**DATA SHOWN:**
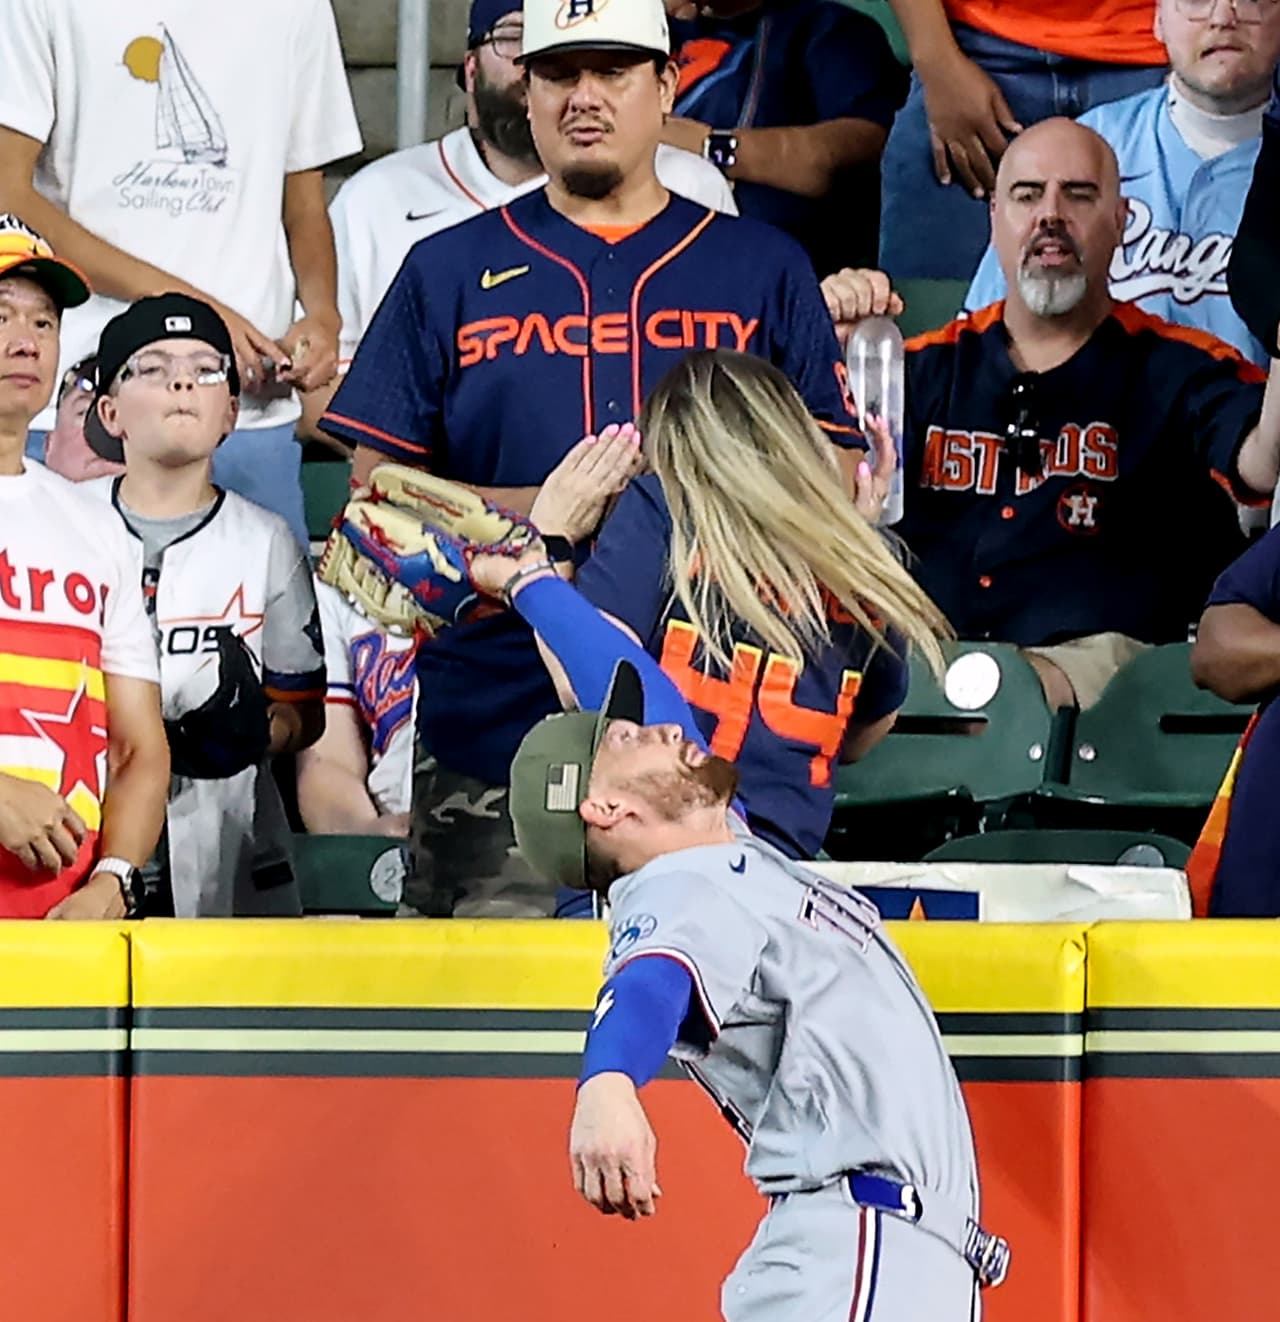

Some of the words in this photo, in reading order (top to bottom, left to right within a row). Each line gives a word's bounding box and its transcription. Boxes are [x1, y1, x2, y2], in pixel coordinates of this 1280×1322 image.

[118, 187, 184, 218] Sailing
[1107, 197, 1233, 304] Rang
[457, 311, 630, 368] SPACE
[645, 309, 759, 354] CITY
[660, 618, 863, 788] 44
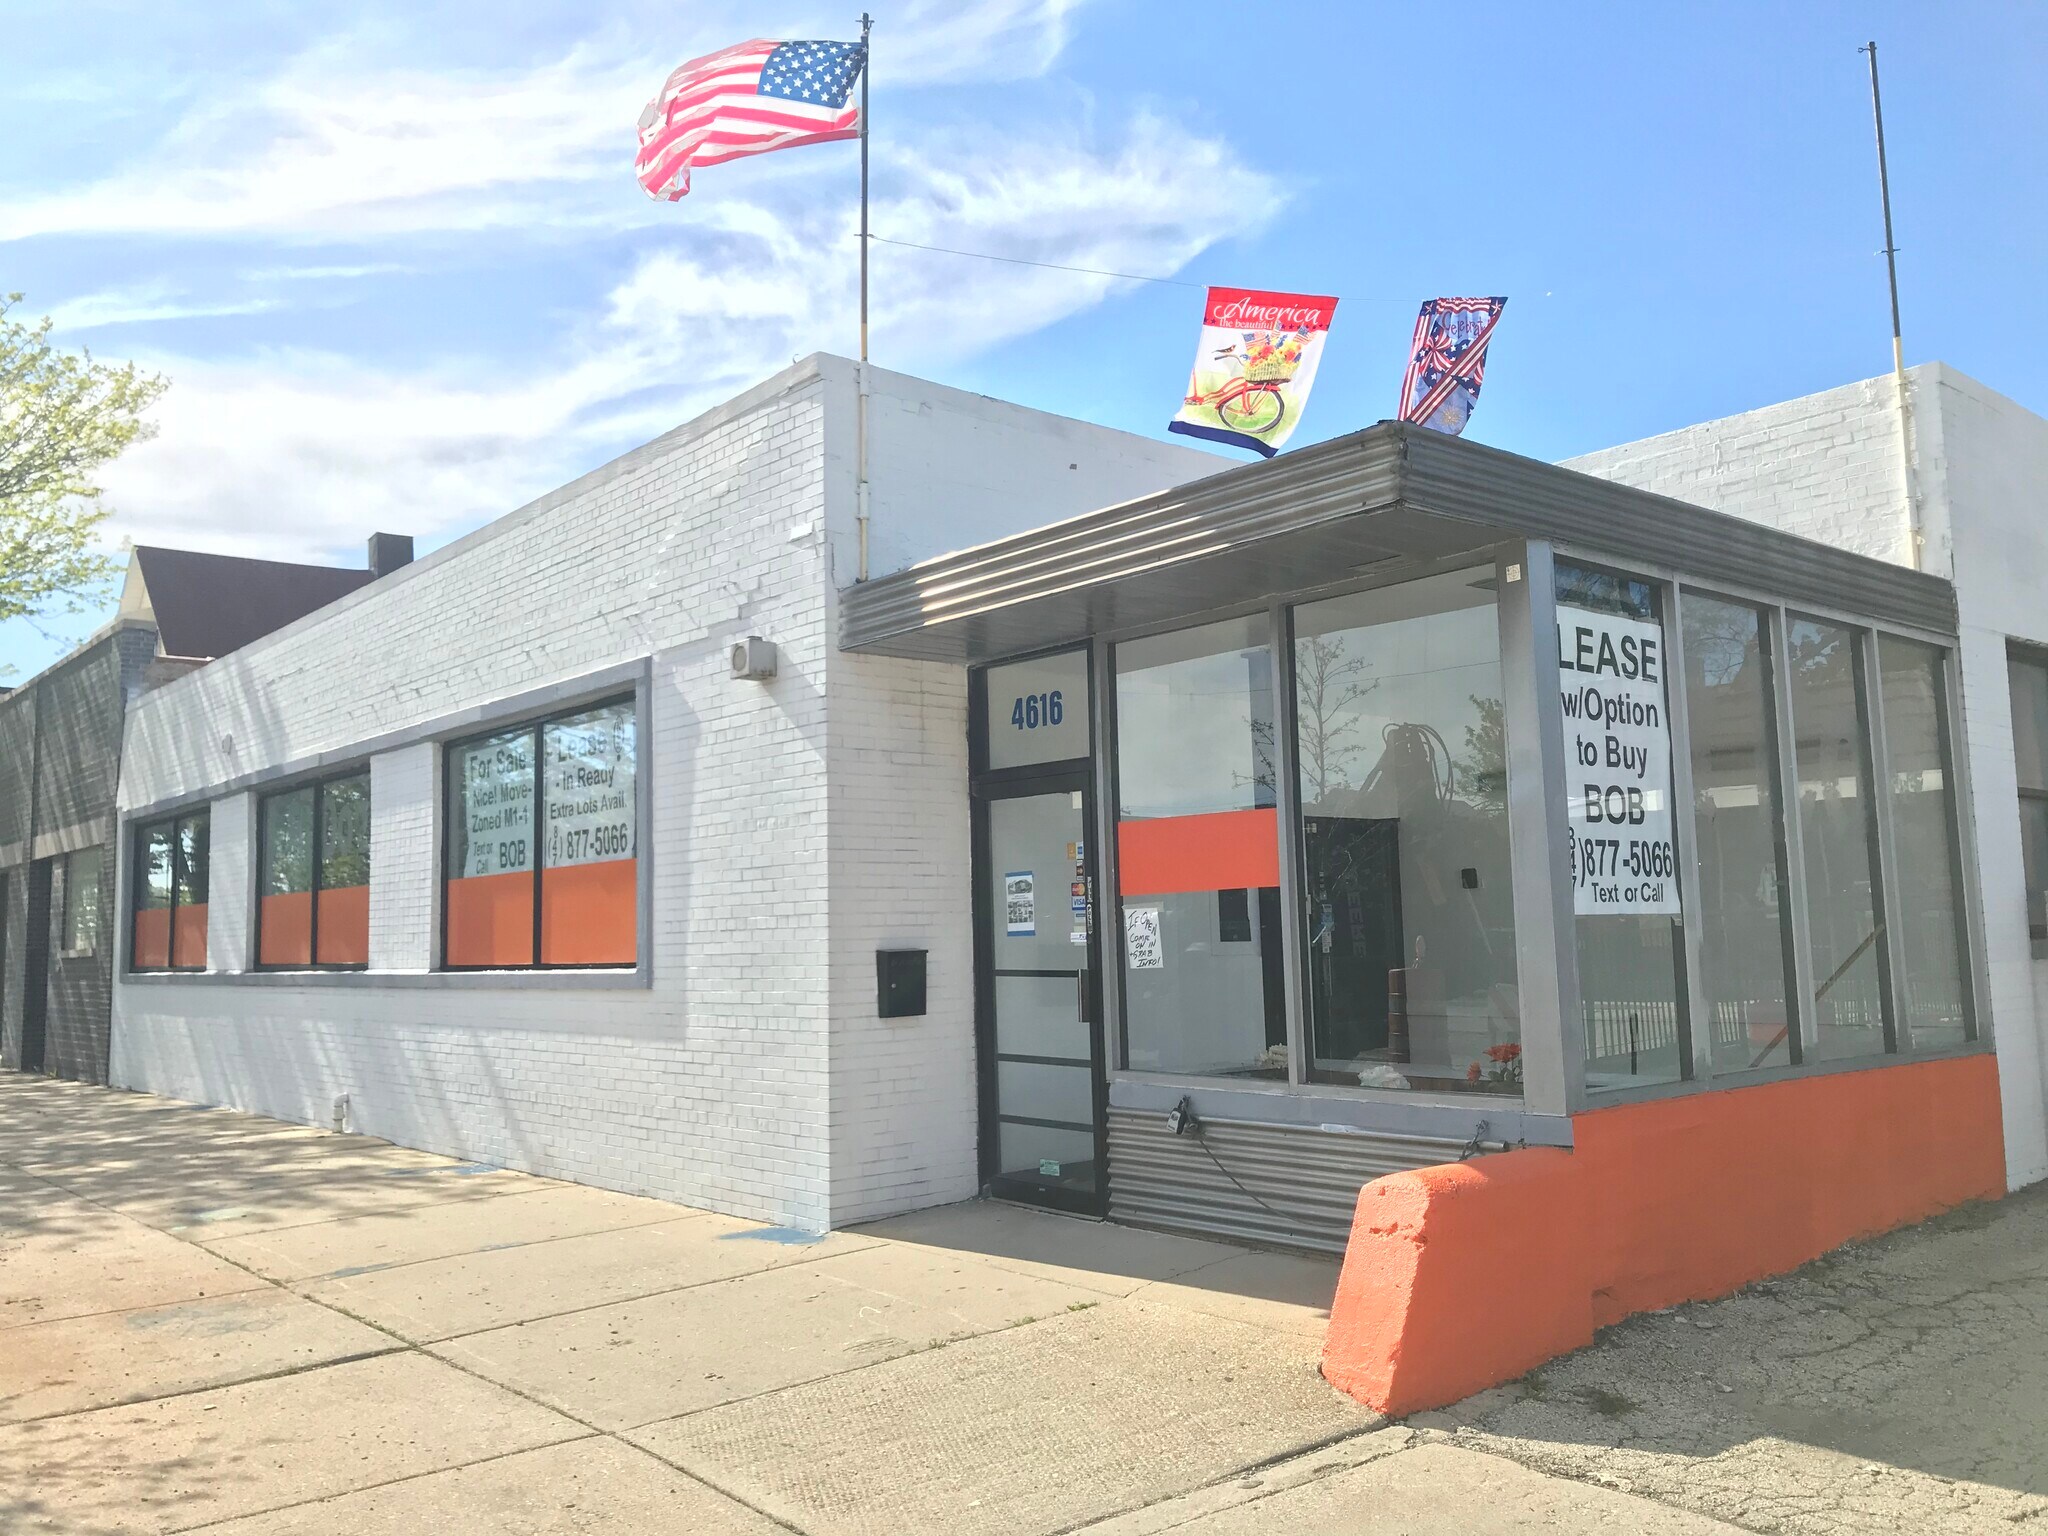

**TASK REQUIREMENTS:**
Once the pictures are set aside, retype the rest of the listing exactly.

**ANSWER TO THE PROBLEM:**
Some of the words in this photo, in reading order (top to bottom, left to right within a row). Each line gives a word's bounding box and its transcription. Boxes are [x1, y1, x2, y2], in pixel coordinates of this 1280×1322 image.

[118, 187, 184, 218] Sailing
[1107, 197, 1233, 304] Rang
[457, 311, 630, 368] SPACE
[645, 309, 759, 354] CITY
[660, 618, 863, 788] 44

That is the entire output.